### [Task instructions]
Please give every line below again exactly, but not its pictures.

********************

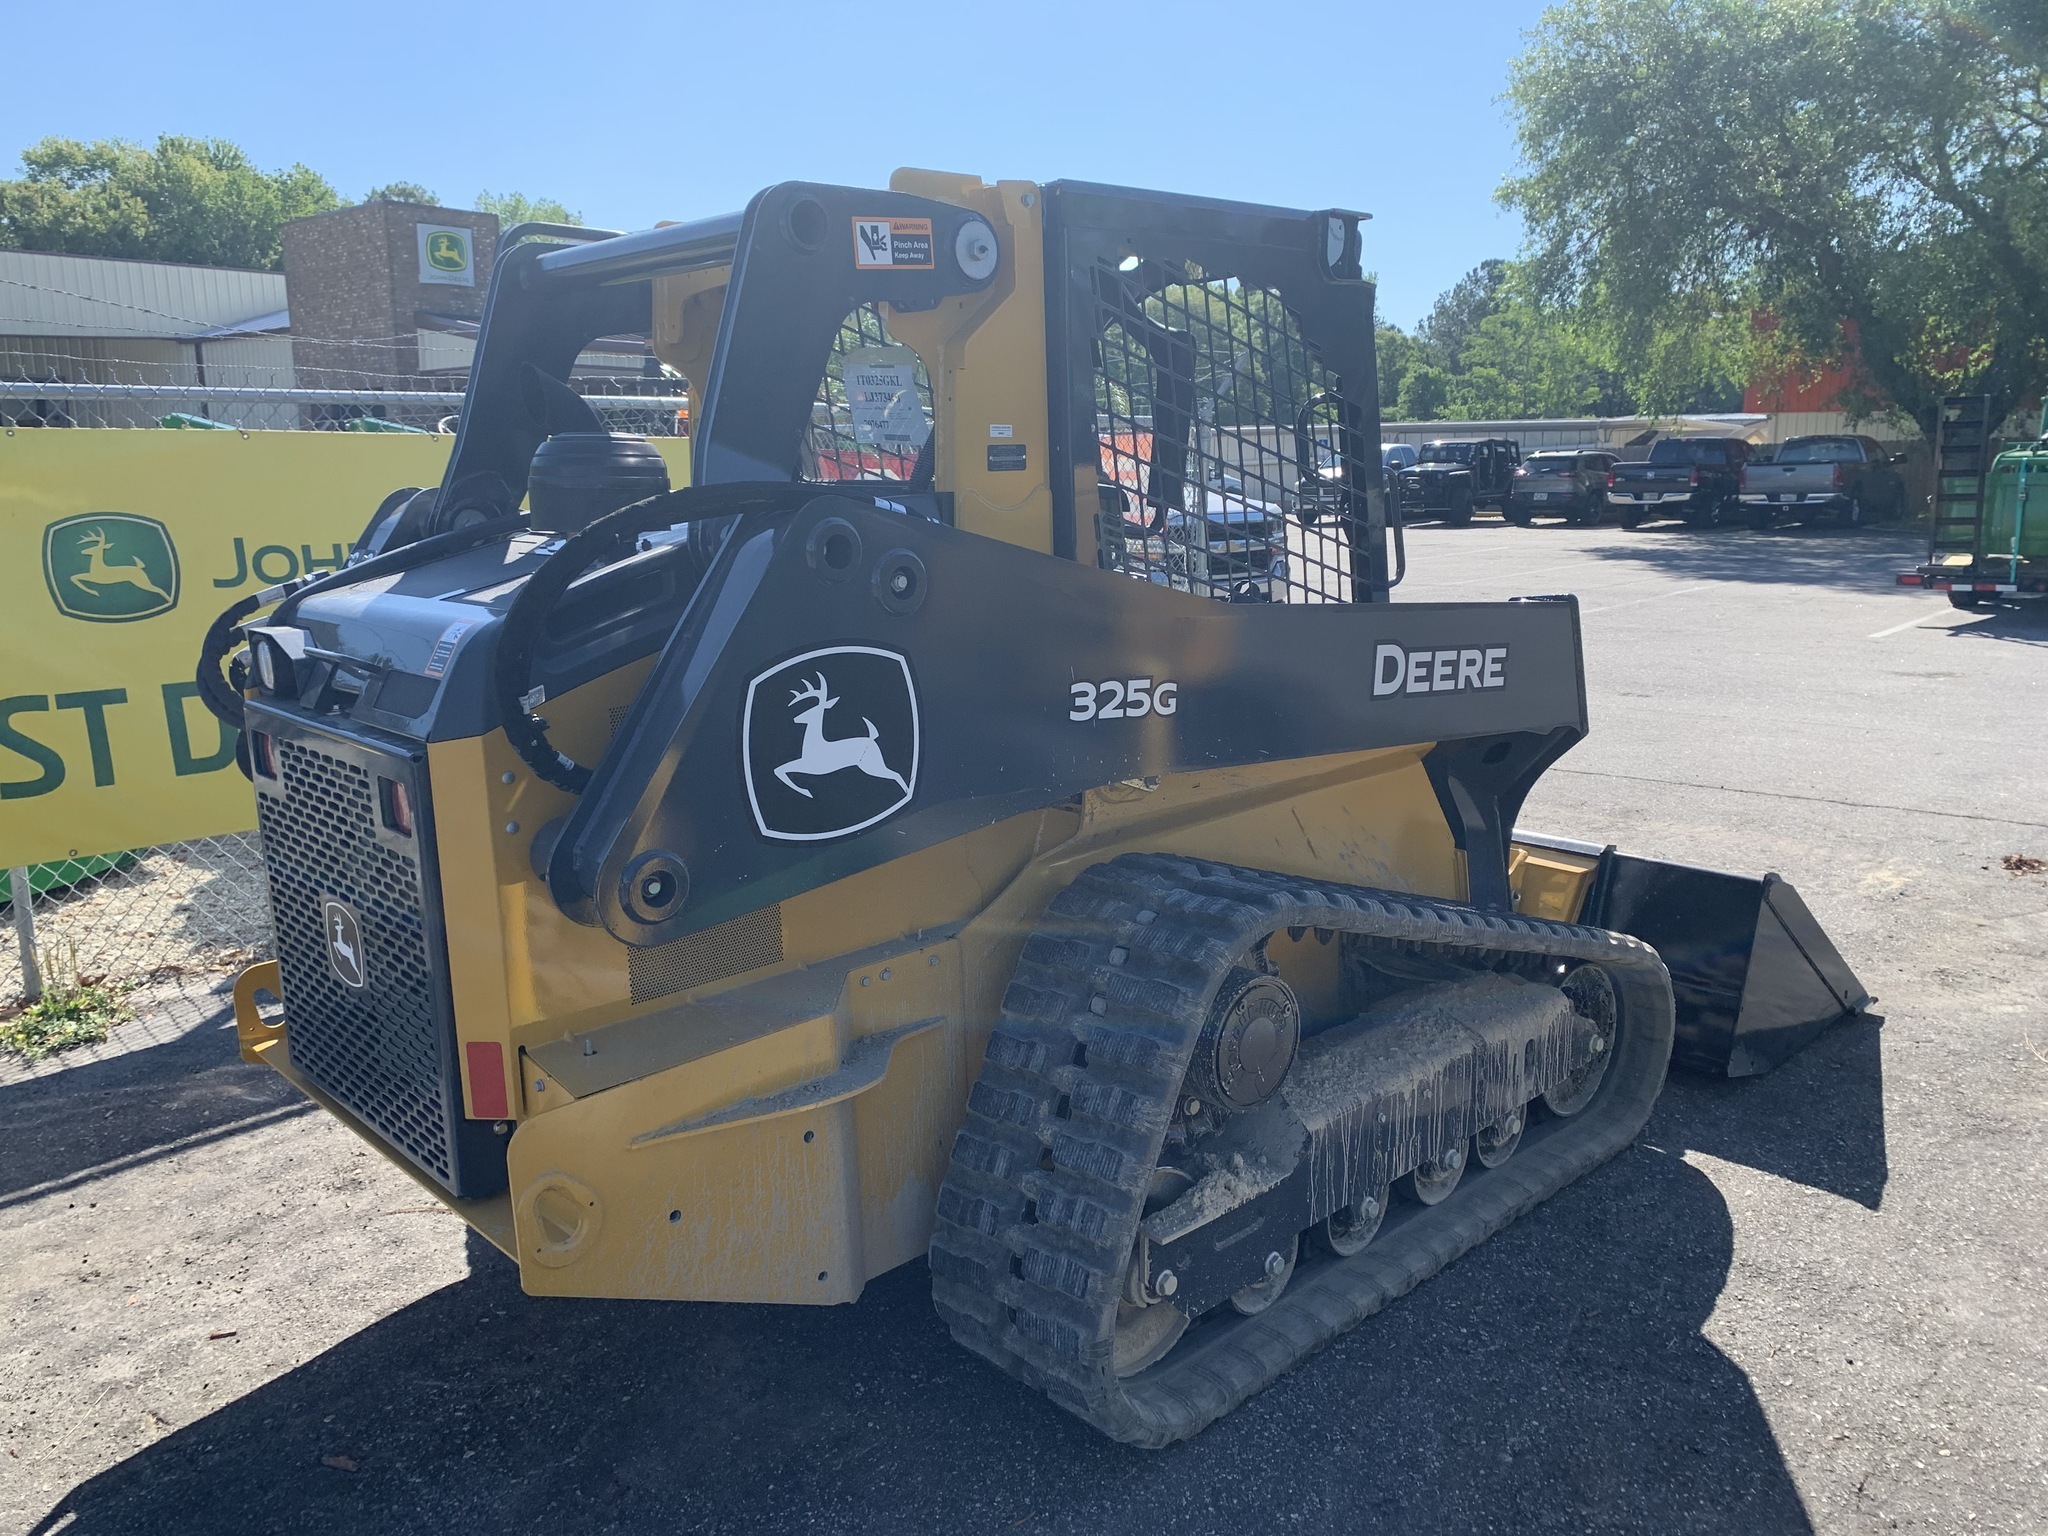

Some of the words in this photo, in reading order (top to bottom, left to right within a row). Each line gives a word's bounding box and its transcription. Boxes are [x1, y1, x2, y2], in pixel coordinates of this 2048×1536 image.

[898, 222, 929, 231] WARNING
[893, 240, 913, 249] Pinch
[913, 241, 929, 249] Area
[894, 252, 908, 260] Keep
[909, 252, 925, 260] Away
[212, 536, 358, 589] JOH
[1372, 643, 1507, 696] DEERE
[1069, 678, 1178, 722] 325G
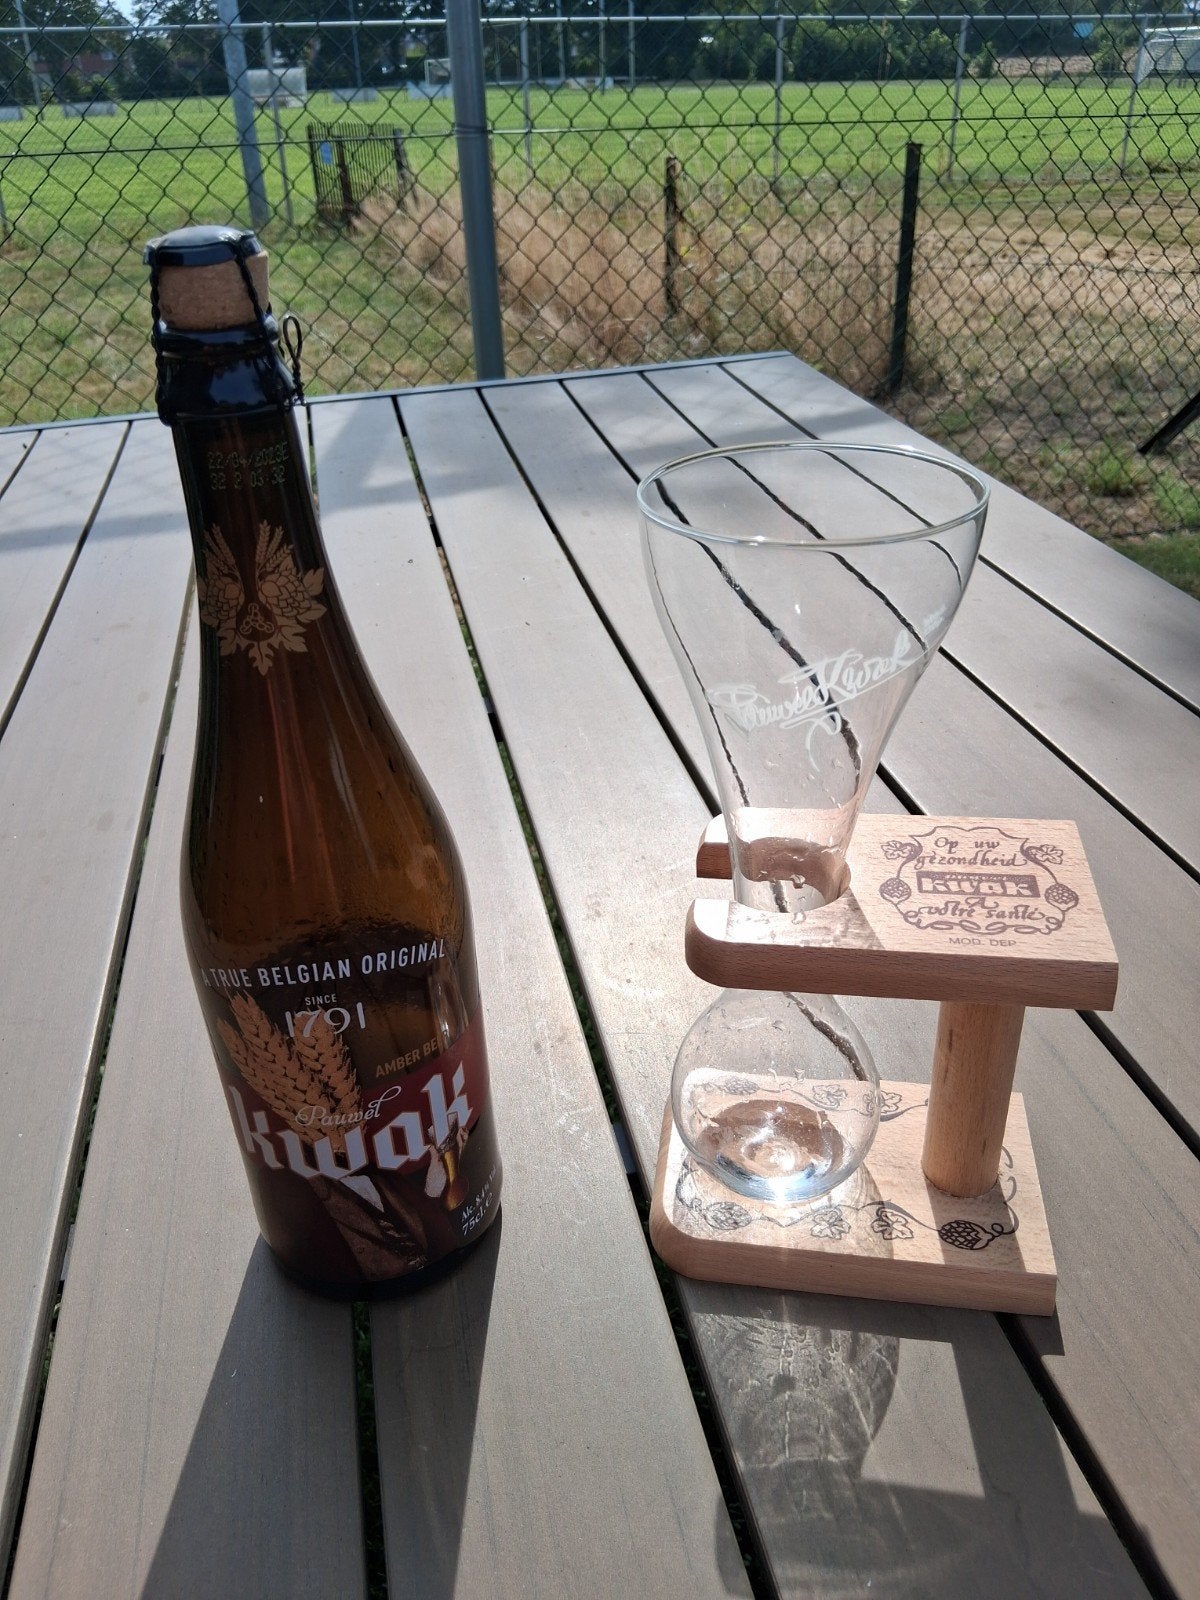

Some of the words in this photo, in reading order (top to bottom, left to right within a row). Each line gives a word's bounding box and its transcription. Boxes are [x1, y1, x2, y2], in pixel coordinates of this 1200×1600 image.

[914, 850, 1028, 871] gezondheid
[934, 836, 959, 854] Op
[974, 840, 1000, 849] uw
[201, 968, 213, 987] A
[210, 968, 253, 988] TRUE
[257, 958, 351, 988] BELGIAN
[361, 938, 446, 975] ORIGINAL
[304, 993, 337, 1006] SINCE
[284, 1002, 366, 1038] 1791
[376, 1048, 421, 1078] AMBER
[228, 1060, 474, 1181] kwak
[295, 1085, 402, 1126] Pauwel
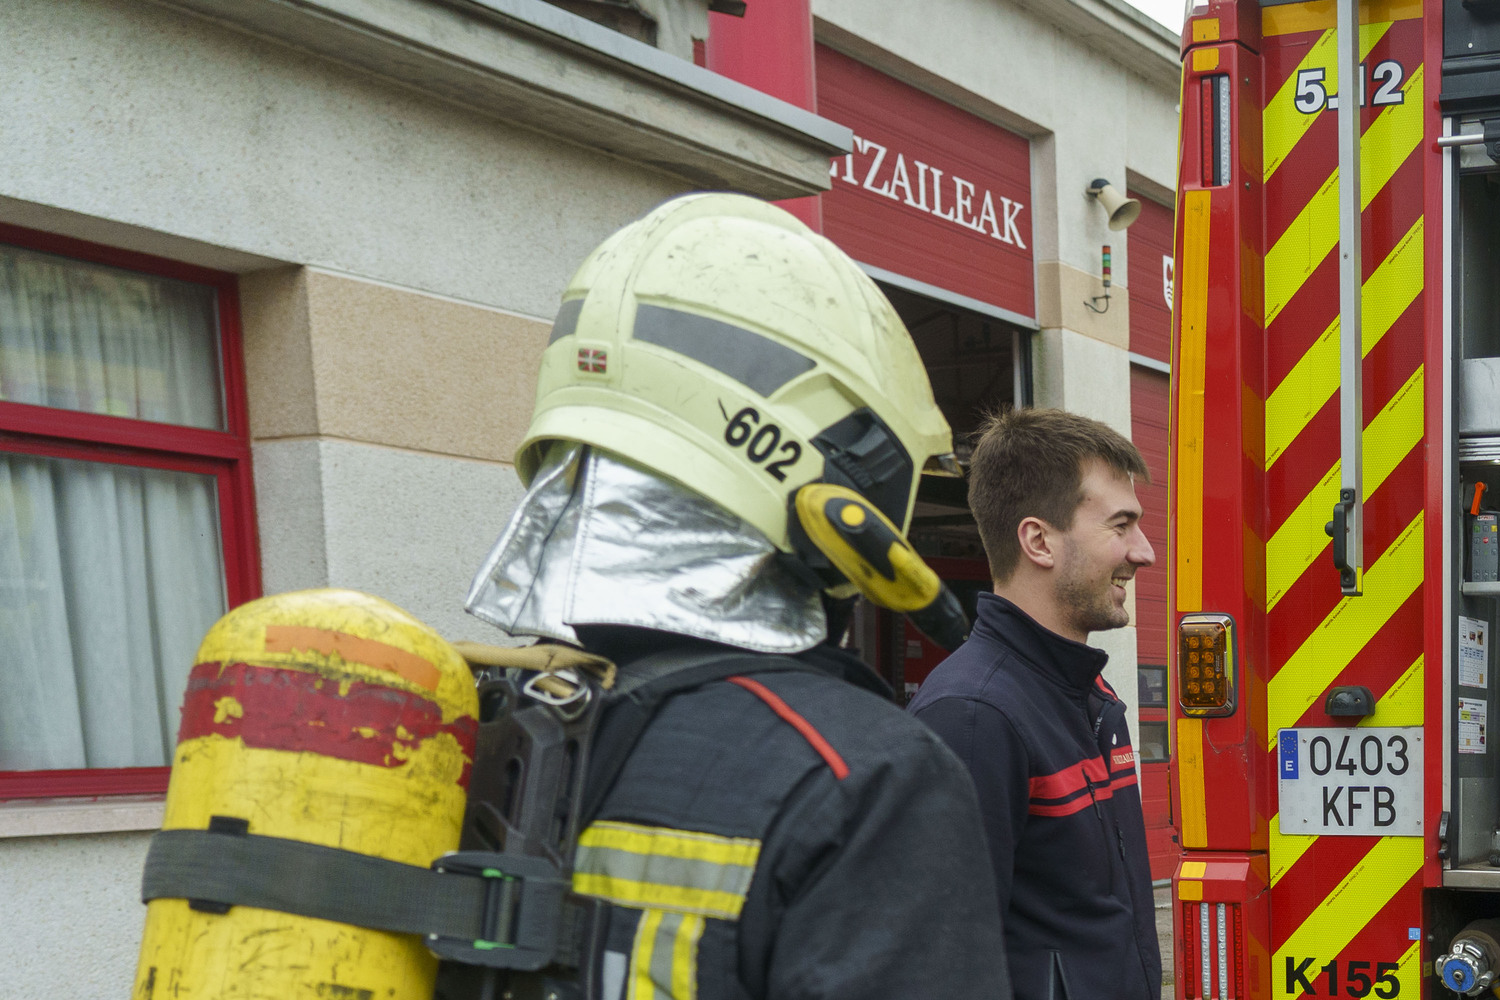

********************

### [Task response]
Some of the words in this photo, in reading order (top to bottom, left to right within a row). Each line gives a word's bounding box and its transcription. Boxes are [x1, y1, x2, y2], in pixel coordinates of this 2048×1536 image.

[898, 222, 929, 231] WARNING
[893, 240, 913, 249] Pinch
[913, 241, 929, 249] Area
[894, 252, 908, 260] Keep
[909, 252, 925, 260] Away
[212, 536, 358, 589] JOH
[1372, 643, 1507, 696] DEERE
[1069, 678, 1178, 722] 325G

Some of the words in this photo, in reading order (top to bottom, left to right within a row). Each line gives a word's bounding box and its transcription. Boxes are [x1, y1, x2, y2], in pixel coordinates of this 1200×1600 image.

[914, 850, 1028, 871] gezondheid
[934, 836, 959, 854] Op
[974, 840, 1000, 849] uw
[201, 968, 213, 987] A
[210, 968, 253, 988] TRUE
[257, 958, 351, 988] BELGIAN
[361, 938, 446, 975] ORIGINAL
[304, 993, 337, 1006] SINCE
[284, 1002, 366, 1038] 1791
[376, 1048, 421, 1078] AMBER
[228, 1060, 474, 1181] kwak
[295, 1085, 402, 1126] Pauwel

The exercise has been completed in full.